__HOW TO COMPLETE THIS TASK__: Word for word, set down the entries that follow.

---------- DATA SHOWN ----------

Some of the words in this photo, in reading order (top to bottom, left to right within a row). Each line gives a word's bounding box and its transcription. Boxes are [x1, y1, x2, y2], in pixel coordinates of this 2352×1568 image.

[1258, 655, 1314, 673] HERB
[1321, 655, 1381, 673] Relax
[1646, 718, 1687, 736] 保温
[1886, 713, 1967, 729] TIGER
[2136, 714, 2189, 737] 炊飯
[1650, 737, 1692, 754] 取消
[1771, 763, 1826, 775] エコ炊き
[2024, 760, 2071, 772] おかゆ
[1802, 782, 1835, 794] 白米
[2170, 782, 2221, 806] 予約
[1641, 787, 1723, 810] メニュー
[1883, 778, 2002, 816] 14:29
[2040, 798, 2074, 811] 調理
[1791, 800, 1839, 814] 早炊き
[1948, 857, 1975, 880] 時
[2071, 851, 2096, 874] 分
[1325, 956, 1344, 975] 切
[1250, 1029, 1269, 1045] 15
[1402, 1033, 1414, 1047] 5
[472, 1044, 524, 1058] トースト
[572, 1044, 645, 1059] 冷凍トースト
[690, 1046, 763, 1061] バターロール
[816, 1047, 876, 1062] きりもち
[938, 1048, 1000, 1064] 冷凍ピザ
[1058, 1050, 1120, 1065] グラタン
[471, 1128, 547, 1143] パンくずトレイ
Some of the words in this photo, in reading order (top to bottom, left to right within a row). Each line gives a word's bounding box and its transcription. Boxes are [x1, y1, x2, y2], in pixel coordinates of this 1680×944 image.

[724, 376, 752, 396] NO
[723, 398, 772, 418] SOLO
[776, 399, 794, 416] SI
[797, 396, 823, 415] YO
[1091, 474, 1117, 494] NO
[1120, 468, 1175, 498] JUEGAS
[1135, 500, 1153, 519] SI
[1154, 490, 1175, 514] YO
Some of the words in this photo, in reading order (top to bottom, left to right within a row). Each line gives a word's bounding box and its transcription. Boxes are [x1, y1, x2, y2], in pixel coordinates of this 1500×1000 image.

----------

__ANSWER BOX__:
Some of the words in this photo, in reading order (top to bottom, left to right within a row). Each line gives a word's bounding box and its transcription. Boxes are [x1, y1, x2, y2], in pixel coordinates of this 2352×1568 image.

[1258, 655, 1314, 673] HERB
[1321, 655, 1381, 673] Relax
[1646, 718, 1687, 736] 保温
[1886, 713, 1967, 729] TIGER
[2136, 714, 2189, 737] 炊飯
[1650, 737, 1692, 754] 取消
[1771, 763, 1826, 775] エコ炊き
[2024, 760, 2071, 772] おかゆ
[1802, 782, 1835, 794] 白米
[2170, 782, 2221, 806] 予約
[1641, 787, 1723, 810] メニュー
[1883, 778, 2002, 816] 14:29
[2040, 798, 2074, 811] 調理
[1791, 800, 1839, 814] 早炊き
[1948, 857, 1975, 880] 時
[2071, 851, 2096, 874] 分
[1325, 956, 1344, 975] 切
[1250, 1029, 1269, 1045] 15
[1402, 1033, 1414, 1047] 5
[472, 1044, 524, 1058] トースト
[572, 1044, 645, 1059] 冷凍トースト
[690, 1046, 763, 1061] バターロール
[816, 1047, 876, 1062] きりもち
[938, 1048, 1000, 1064] 冷凍ピザ
[1058, 1050, 1120, 1065] グラタン
[471, 1128, 547, 1143] パンくずトレイ
Some of the words in this photo, in reading order (top to bottom, left to right within a row). Each line gives a word's bounding box and its transcription. Boxes are [x1, y1, x2, y2], in pixel coordinates of this 1680×944 image.

[724, 376, 752, 396] NO
[723, 398, 772, 418] SOLO
[776, 399, 794, 416] SI
[797, 396, 823, 415] YO
[1091, 474, 1117, 494] NO
[1120, 468, 1175, 498] JUEGAS
[1135, 500, 1153, 519] SI
[1154, 490, 1175, 514] YO
Some of the words in this photo, in reading order (top to bottom, left to right within a row). Each line gives a word's bounding box and its transcription. Boxes are [x1, y1, x2, y2], in pixel coordinates of this 1500×1000 image.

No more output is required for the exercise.